--- Available data Enclosed Below ---

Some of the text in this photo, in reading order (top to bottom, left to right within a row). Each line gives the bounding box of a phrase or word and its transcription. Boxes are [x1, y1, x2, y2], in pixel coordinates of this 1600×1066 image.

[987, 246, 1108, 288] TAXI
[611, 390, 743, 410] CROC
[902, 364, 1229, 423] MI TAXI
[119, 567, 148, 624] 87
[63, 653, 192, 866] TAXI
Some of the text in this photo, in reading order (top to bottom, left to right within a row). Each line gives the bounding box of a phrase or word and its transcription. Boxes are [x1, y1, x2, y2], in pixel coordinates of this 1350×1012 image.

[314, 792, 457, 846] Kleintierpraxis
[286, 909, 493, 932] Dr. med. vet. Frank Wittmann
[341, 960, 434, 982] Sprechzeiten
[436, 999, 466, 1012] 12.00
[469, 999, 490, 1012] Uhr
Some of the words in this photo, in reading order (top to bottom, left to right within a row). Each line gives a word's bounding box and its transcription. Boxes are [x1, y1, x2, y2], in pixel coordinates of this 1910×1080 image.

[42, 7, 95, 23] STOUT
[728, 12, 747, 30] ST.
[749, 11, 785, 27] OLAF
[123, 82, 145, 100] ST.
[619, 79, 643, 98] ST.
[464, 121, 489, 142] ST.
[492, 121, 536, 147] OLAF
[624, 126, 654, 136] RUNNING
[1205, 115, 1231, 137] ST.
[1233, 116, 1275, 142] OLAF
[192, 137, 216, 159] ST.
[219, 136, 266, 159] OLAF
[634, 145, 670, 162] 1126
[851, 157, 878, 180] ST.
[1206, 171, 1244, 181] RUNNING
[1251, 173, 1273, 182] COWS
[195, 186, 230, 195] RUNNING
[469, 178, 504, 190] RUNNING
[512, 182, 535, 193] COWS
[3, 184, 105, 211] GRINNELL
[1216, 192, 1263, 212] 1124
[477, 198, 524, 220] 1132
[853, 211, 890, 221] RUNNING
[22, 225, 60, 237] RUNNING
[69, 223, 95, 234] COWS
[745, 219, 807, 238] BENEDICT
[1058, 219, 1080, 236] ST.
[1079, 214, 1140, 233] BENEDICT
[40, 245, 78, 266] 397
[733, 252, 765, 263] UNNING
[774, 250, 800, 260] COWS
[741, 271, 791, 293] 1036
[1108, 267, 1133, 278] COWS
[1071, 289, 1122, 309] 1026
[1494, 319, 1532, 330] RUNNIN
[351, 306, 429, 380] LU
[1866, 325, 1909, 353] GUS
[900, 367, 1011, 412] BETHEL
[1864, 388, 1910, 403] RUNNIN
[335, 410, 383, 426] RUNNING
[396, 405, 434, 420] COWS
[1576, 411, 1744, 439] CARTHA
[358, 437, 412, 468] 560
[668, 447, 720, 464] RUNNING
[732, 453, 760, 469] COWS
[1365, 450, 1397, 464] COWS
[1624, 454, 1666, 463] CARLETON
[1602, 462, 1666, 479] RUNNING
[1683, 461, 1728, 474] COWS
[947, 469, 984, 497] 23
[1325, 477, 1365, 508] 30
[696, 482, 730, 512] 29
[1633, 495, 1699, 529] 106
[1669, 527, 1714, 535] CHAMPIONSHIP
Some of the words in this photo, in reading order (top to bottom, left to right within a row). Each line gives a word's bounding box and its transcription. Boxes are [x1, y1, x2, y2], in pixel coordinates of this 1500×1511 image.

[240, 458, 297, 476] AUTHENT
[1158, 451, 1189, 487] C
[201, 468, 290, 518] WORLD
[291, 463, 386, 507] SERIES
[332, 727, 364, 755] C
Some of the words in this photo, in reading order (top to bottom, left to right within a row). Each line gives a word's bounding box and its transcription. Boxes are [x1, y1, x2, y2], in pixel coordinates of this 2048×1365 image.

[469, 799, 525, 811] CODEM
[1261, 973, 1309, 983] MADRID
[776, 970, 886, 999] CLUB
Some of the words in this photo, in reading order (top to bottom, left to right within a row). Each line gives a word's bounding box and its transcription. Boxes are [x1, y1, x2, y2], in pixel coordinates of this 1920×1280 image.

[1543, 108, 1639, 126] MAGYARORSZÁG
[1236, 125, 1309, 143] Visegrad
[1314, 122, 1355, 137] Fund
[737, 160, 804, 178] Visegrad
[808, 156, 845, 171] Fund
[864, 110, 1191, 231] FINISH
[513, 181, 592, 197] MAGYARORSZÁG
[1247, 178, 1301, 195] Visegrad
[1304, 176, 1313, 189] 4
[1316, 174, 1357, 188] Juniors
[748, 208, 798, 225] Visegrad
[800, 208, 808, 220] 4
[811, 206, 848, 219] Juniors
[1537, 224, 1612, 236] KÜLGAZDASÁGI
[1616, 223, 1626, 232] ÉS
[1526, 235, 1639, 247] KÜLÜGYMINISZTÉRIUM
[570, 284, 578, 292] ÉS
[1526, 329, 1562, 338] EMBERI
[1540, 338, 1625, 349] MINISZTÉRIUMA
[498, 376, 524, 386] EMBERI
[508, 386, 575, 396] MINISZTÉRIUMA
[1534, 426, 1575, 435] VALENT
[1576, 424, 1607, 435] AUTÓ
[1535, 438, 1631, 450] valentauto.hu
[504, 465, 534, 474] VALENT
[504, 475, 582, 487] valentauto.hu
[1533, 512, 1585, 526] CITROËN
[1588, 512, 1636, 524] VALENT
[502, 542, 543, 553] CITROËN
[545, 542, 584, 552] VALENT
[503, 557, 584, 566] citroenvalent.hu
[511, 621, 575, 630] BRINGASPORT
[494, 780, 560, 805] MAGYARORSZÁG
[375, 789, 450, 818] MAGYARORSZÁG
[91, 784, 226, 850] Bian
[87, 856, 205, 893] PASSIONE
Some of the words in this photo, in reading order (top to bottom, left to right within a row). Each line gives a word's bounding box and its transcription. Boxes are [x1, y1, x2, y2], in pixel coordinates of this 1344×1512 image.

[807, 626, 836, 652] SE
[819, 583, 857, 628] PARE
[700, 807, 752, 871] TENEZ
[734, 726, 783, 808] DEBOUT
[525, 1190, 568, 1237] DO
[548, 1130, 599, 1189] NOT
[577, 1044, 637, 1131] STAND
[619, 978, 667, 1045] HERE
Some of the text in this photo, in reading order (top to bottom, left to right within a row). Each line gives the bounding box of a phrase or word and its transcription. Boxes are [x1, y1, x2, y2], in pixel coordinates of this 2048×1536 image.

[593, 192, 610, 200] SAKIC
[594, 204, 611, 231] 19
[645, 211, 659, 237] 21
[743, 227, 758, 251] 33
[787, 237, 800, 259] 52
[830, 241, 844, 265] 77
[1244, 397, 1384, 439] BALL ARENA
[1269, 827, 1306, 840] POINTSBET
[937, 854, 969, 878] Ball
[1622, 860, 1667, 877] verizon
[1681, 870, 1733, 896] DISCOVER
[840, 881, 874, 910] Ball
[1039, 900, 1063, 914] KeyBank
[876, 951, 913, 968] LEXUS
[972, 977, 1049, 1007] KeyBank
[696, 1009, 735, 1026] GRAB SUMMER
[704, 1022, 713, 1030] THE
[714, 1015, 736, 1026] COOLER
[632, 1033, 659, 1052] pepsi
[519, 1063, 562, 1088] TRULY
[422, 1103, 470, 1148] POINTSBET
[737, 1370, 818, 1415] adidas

--- End of Enclosed Available data ---

▶ [Assigned task]: All of the records are to be reproduced exactly as they were given.

▶ [Output]:
Some of the text in this photo, in reading order (top to bottom, left to right within a row). Each line gives the bounding box of a phrase or word and its transcription. Boxes are [x1, y1, x2, y2], in pixel coordinates of this 1600×1066 image.

[987, 246, 1108, 288] TAXI
[611, 390, 743, 410] CROC
[902, 364, 1229, 423] MI TAXI
[119, 567, 148, 624] 87
[63, 653, 192, 866] TAXI
Some of the text in this photo, in reading order (top to bottom, left to right within a row). Each line gives the bounding box of a phrase or word and its transcription. Boxes are [x1, y1, x2, y2], in pixel coordinates of this 1350×1012 image.

[314, 792, 457, 846] Kleintierpraxis
[286, 909, 493, 932] Dr. med. vet. Frank Wittmann
[341, 960, 434, 982] Sprechzeiten
[436, 999, 466, 1012] 12.00
[469, 999, 490, 1012] Uhr
Some of the words in this photo, in reading order (top to bottom, left to right within a row). Each line gives a word's bounding box and its transcription. Boxes are [x1, y1, x2, y2], in pixel coordinates of this 1910×1080 image.

[42, 7, 95, 23] STOUT
[728, 12, 747, 30] ST.
[749, 11, 785, 27] OLAF
[123, 82, 145, 100] ST.
[619, 79, 643, 98] ST.
[464, 121, 489, 142] ST.
[492, 121, 536, 147] OLAF
[624, 126, 654, 136] RUNNING
[1205, 115, 1231, 137] ST.
[1233, 116, 1275, 142] OLAF
[192, 137, 216, 159] ST.
[219, 136, 266, 159] OLAF
[634, 145, 670, 162] 1126
[851, 157, 878, 180] ST.
[1206, 171, 1244, 181] RUNNING
[1251, 173, 1273, 182] COWS
[195, 186, 230, 195] RUNNING
[469, 178, 504, 190] RUNNING
[512, 182, 535, 193] COWS
[3, 184, 105, 211] GRINNELL
[1216, 192, 1263, 212] 1124
[477, 198, 524, 220] 1132
[853, 211, 890, 221] RUNNING
[22, 225, 60, 237] RUNNING
[69, 223, 95, 234] COWS
[745, 219, 807, 238] BENEDICT
[1058, 219, 1080, 236] ST.
[1079, 214, 1140, 233] BENEDICT
[40, 245, 78, 266] 397
[733, 252, 765, 263] UNNING
[774, 250, 800, 260] COWS
[741, 271, 791, 293] 1036
[1108, 267, 1133, 278] COWS
[1071, 289, 1122, 309] 1026
[1494, 319, 1532, 330] RUNNIN
[351, 306, 429, 380] LU
[1866, 325, 1909, 353] GUS
[900, 367, 1011, 412] BETHEL
[1864, 388, 1910, 403] RUNNIN
[335, 410, 383, 426] RUNNING
[396, 405, 434, 420] COWS
[1576, 411, 1744, 439] CARTHA
[358, 437, 412, 468] 560
[668, 447, 720, 464] RUNNING
[732, 453, 760, 469] COWS
[1365, 450, 1397, 464] COWS
[1624, 454, 1666, 463] CARLETON
[1602, 462, 1666, 479] RUNNING
[1683, 461, 1728, 474] COWS
[947, 469, 984, 497] 23
[1325, 477, 1365, 508] 30
[696, 482, 730, 512] 29
[1633, 495, 1699, 529] 106
[1669, 527, 1714, 535] CHAMPIONSHIP
Some of the words in this photo, in reading order (top to bottom, left to right within a row). Each line gives a word's bounding box and its transcription. Boxes are [x1, y1, x2, y2], in pixel coordinates of this 1500×1511 image.

[240, 458, 297, 476] AUTHENT
[1158, 451, 1189, 487] C
[201, 468, 290, 518] WORLD
[291, 463, 386, 507] SERIES
[332, 727, 364, 755] C
Some of the words in this photo, in reading order (top to bottom, left to right within a row). Each line gives a word's bounding box and its transcription. Boxes are [x1, y1, x2, y2], in pixel coordinates of this 2048×1365 image.

[469, 799, 525, 811] CODEM
[1261, 973, 1309, 983] MADRID
[776, 970, 886, 999] CLUB
Some of the words in this photo, in reading order (top to bottom, left to right within a row). Each line gives a word's bounding box and its transcription. Boxes are [x1, y1, x2, y2], in pixel coordinates of this 1920×1280 image.

[1543, 108, 1639, 126] MAGYARORSZÁG
[1236, 125, 1309, 143] Visegrad
[1314, 122, 1355, 137] Fund
[737, 160, 804, 178] Visegrad
[808, 156, 845, 171] Fund
[864, 110, 1191, 231] FINISH
[513, 181, 592, 197] MAGYARORSZÁG
[1247, 178, 1301, 195] Visegrad
[1304, 176, 1313, 189] 4
[1316, 174, 1357, 188] Juniors
[748, 208, 798, 225] Visegrad
[800, 208, 808, 220] 4
[811, 206, 848, 219] Juniors
[1537, 224, 1612, 236] KÜLGAZDASÁGI
[1616, 223, 1626, 232] ÉS
[1526, 235, 1639, 247] KÜLÜGYMINISZTÉRIUM
[570, 284, 578, 292] ÉS
[1526, 329, 1562, 338] EMBERI
[1540, 338, 1625, 349] MINISZTÉRIUMA
[498, 376, 524, 386] EMBERI
[508, 386, 575, 396] MINISZTÉRIUMA
[1534, 426, 1575, 435] VALENT
[1576, 424, 1607, 435] AUTÓ
[1535, 438, 1631, 450] valentauto.hu
[504, 465, 534, 474] VALENT
[504, 475, 582, 487] valentauto.hu
[1533, 512, 1585, 526] CITROËN
[1588, 512, 1636, 524] VALENT
[502, 542, 543, 553] CITROËN
[545, 542, 584, 552] VALENT
[503, 557, 584, 566] citroenvalent.hu
[511, 621, 575, 630] BRINGASPORT
[494, 780, 560, 805] MAGYARORSZÁG
[375, 789, 450, 818] MAGYARORSZÁG
[91, 784, 226, 850] Bian
[87, 856, 205, 893] PASSIONE
Some of the words in this photo, in reading order (top to bottom, left to right within a row). Each line gives a word's bounding box and its transcription. Boxes are [x1, y1, x2, y2], in pixel coordinates of this 1344×1512 image.

[807, 626, 836, 652] SE
[819, 583, 857, 628] PARE
[700, 807, 752, 871] TENEZ
[734, 726, 783, 808] DEBOUT
[525, 1190, 568, 1237] DO
[548, 1130, 599, 1189] NOT
[577, 1044, 637, 1131] STAND
[619, 978, 667, 1045] HERE
Some of the text in this photo, in reading order (top to bottom, left to right within a row). Each line gives the bounding box of a phrase or word and its transcription. Boxes are [x1, y1, x2, y2], in pixel coordinates of this 2048×1536 image.

[593, 192, 610, 200] SAKIC
[594, 204, 611, 231] 19
[645, 211, 659, 237] 21
[743, 227, 758, 251] 33
[787, 237, 800, 259] 52
[830, 241, 844, 265] 77
[1244, 397, 1384, 439] BALL ARENA
[1269, 827, 1306, 840] POINTSBET
[937, 854, 969, 878] Ball
[1622, 860, 1667, 877] verizon
[1681, 870, 1733, 896] DISCOVER
[840, 881, 874, 910] Ball
[1039, 900, 1063, 914] KeyBank
[876, 951, 913, 968] LEXUS
[972, 977, 1049, 1007] KeyBank
[696, 1009, 735, 1026] GRAB SUMMER
[704, 1022, 713, 1030] THE
[714, 1015, 736, 1026] COOLER
[632, 1033, 659, 1052] pepsi
[519, 1063, 562, 1088] TRULY
[422, 1103, 470, 1148] POINTSBET
[737, 1370, 818, 1415] adidas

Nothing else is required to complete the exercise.